There are approximately 1 billion Hindus on Earth, 905 million of which live in India. They consider the following to be literally true.
"When I heard that the just and renowned Arjuna after having been to the celestial regions, had there obtained celestial weapons from Indra himself then, O Sanjaya, I had no hope of success.

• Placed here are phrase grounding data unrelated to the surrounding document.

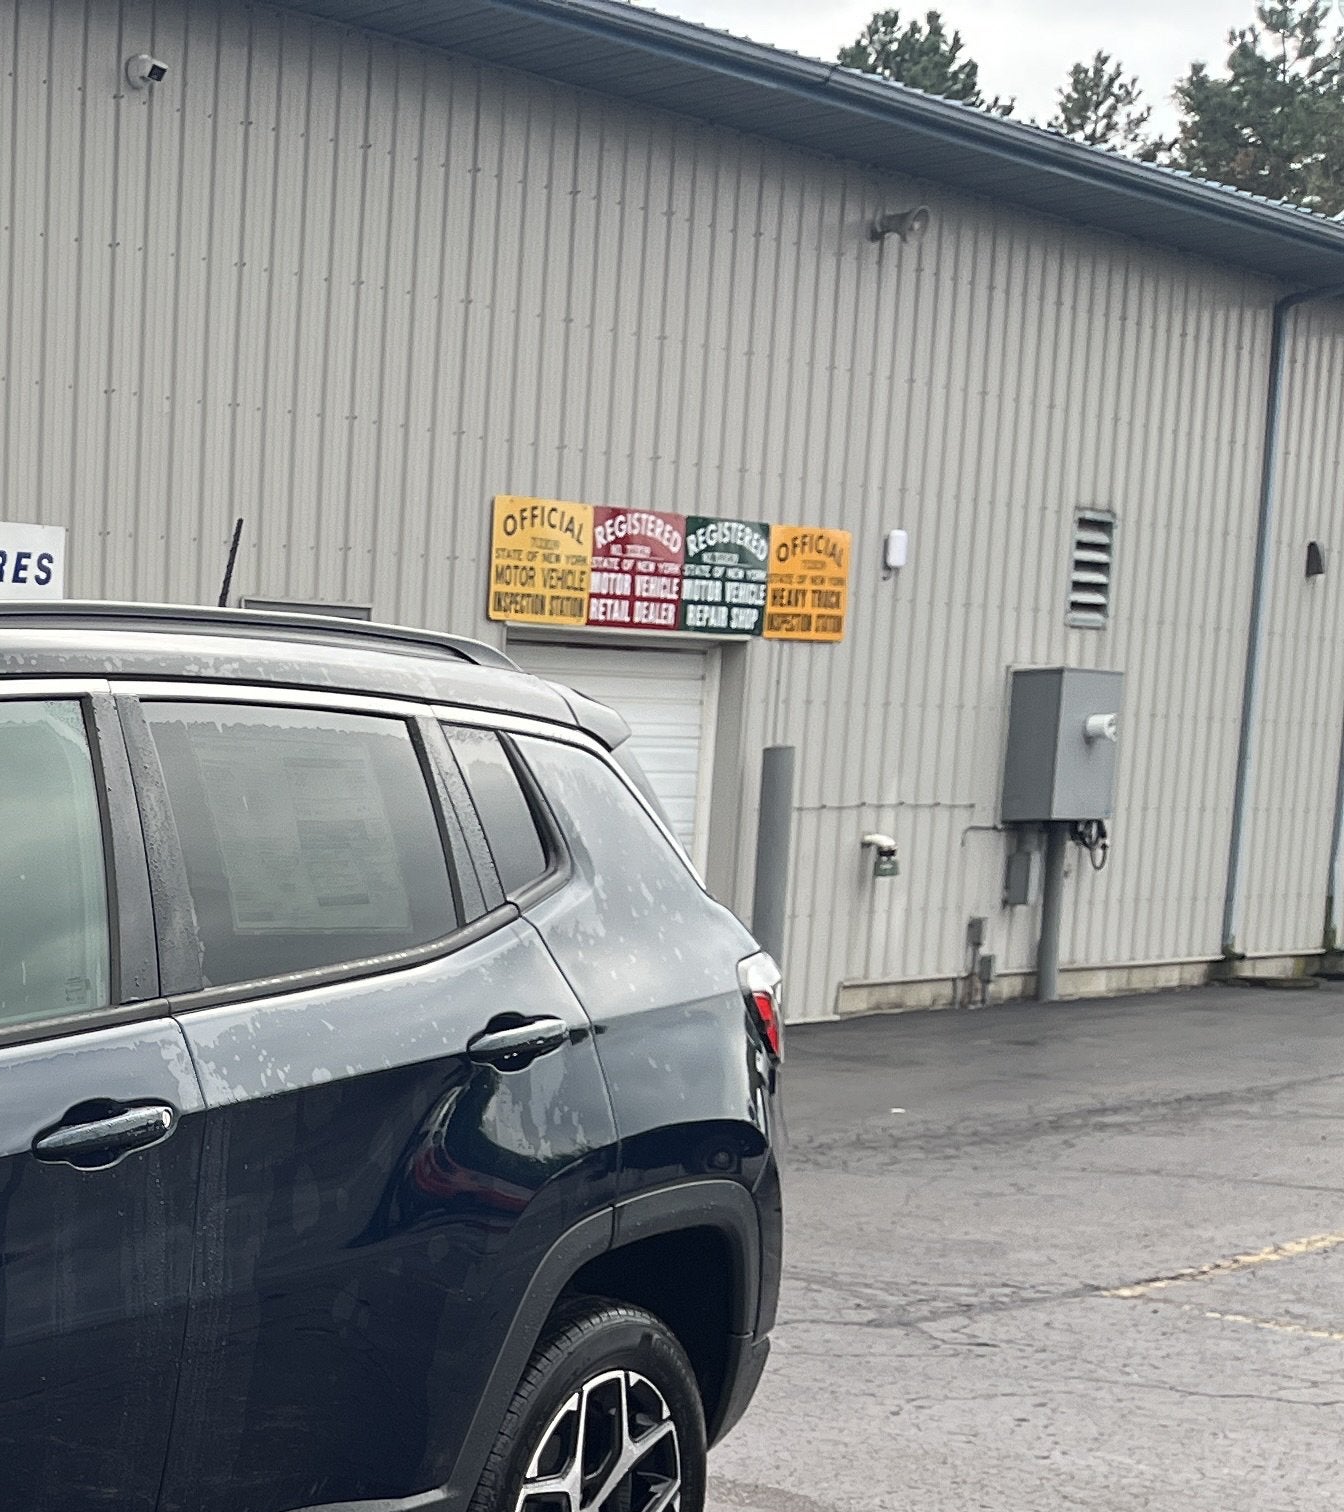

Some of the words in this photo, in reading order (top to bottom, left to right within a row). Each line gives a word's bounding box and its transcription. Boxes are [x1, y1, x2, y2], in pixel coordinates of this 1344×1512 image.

[503, 506, 583, 544] OFFICIAL
[594, 512, 682, 553] REGISTERED
[686, 521, 768, 561] REGISTERED
[776, 533, 843, 567] OFFICIAL
[495, 548, 523, 562] STATE
[527, 550, 539, 562] OF
[542, 552, 561, 564] NEW
[564, 554, 588, 566] YORK
[495, 564, 535, 588] MOTOR
[542, 568, 586, 592] VEHICLE
[590, 571, 631, 596] MOTOR
[634, 574, 680, 599] VEHICLE
[682, 579, 722, 602] MOTOR
[725, 581, 766, 605] VEHICLE
[494, 591, 546, 615] INSPECTION
[548, 595, 584, 618] STATION
[589, 597, 630, 623] RETAIL
[633, 600, 676, 625] DEALER
[771, 588, 807, 608] HEAVY
[686, 604, 728, 628] REPAIR
[730, 607, 759, 630] SHOP

When I heard that afterwards Arjuna had vanquished the Kalakeyas and the Paulomas proud with the boon they had obtained and which had rendered them invulnerable even to the celestials, then, O Sanjaya, I had no hope of success." -- Dhritarashtra, Mahabharata, Book I: Adi Parva, Section I, 8th century B.C.

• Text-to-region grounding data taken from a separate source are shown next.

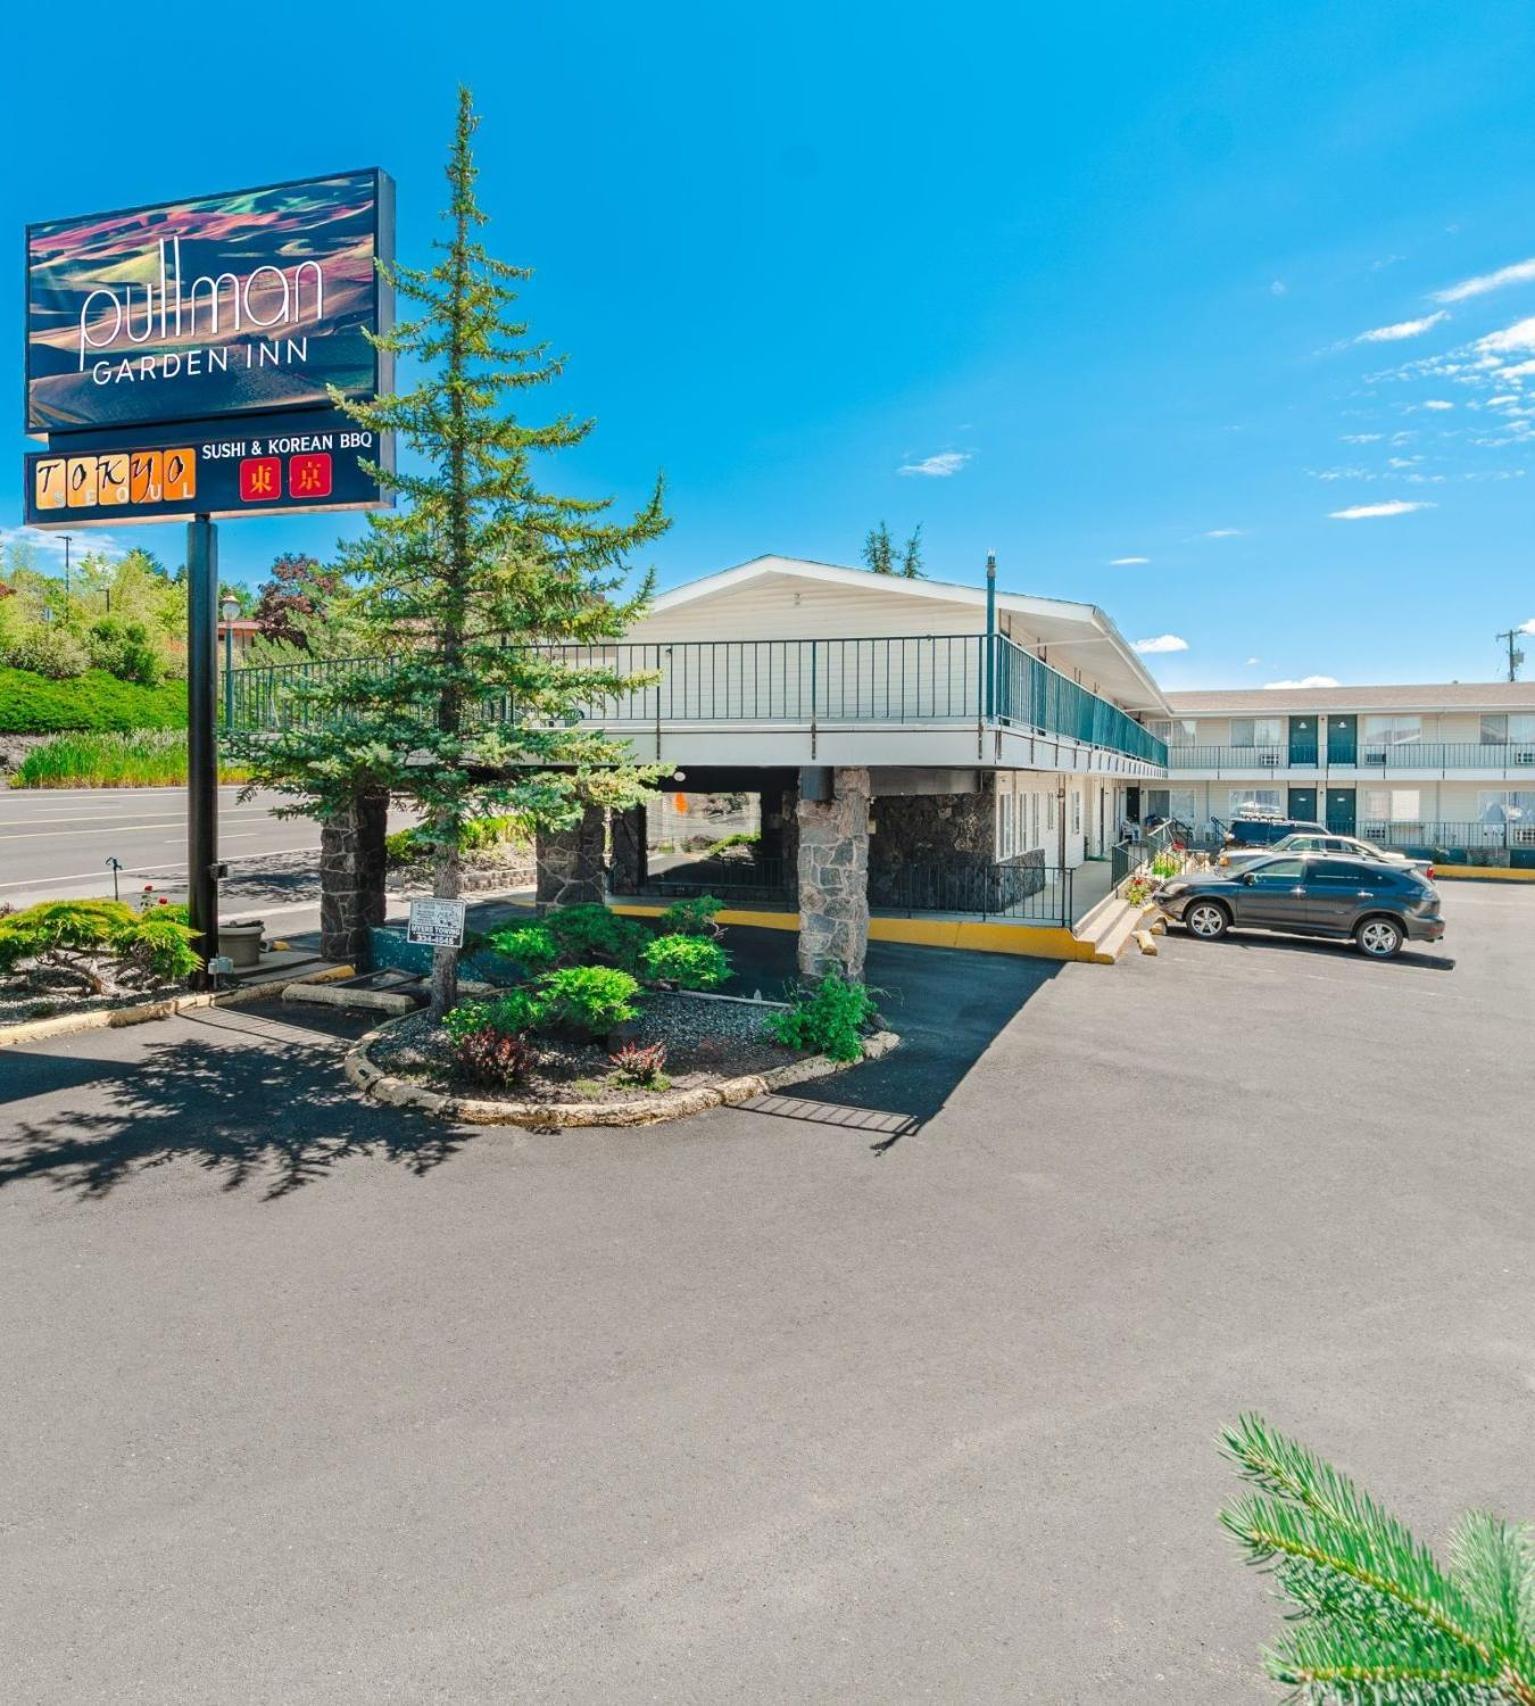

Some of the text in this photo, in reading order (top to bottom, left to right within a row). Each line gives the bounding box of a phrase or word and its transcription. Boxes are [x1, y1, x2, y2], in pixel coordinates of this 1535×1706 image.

[80, 236, 323, 372] pullman
[92, 336, 308, 386] GARDEN INN
[202, 431, 373, 460] SUSHI & KOREAN BBQ
[38, 455, 185, 503] TOKYO
[53, 481, 194, 505] SEOUL

"Thou hast heard, O Raja, of the greatly powerful men of vast exertions, spoken of by Vyasa and the wise Narada; men born of great royal families, resplendent with worthy qualities, versed in the science of celestial arms, and in glory emblems of Indra; men who having conquered the world by justice and performed sacrifices with fit offerings (to the Brahmanas), obtained renown in this world and at last succumbed to the sway of time." -- Ugrasrava Sauti, Mahabharata, Book I: Adi Parva, Section I, 8th century B.C.

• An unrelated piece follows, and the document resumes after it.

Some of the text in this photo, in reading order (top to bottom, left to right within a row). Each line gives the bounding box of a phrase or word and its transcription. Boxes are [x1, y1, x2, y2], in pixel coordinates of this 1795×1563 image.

"And then the great Rishis, approaching the gods, spake unto them, 'Lo, in the middle of the night springeth a great heat striking terror into every heart, and destructive of the three worlds.'" -- Mahabharata, Book I: Adi Parva, Section XXIV, 8th century B.C.
"Between the celestials [angels] and the Asuras [fallen angels], there happened, of yore, frequent encounters for the sovereignty of the three worlds with everything in them." -- Mahabharata, Book I: Adi Parva, Section LXXVI, 8th century B.C.
"The son [Drona] of Bharadwaja then addressed the illustrious and mighty car-warrior Arjuna and said, 'Accept, O thou of mighty arms, this very superior and irresistible weapon called Brahmasira with the methods of hurling and recalling it. Thou must not, however, ever use it against any human foe, for if hurled at any foe endued with inferior energy, it might burn the whole universe. It is said, O child, that this weapon hath not a peer in the three worlds." -- Mahabharata, Book I: Adi Parva, Section CXXXV, 8th century B.C.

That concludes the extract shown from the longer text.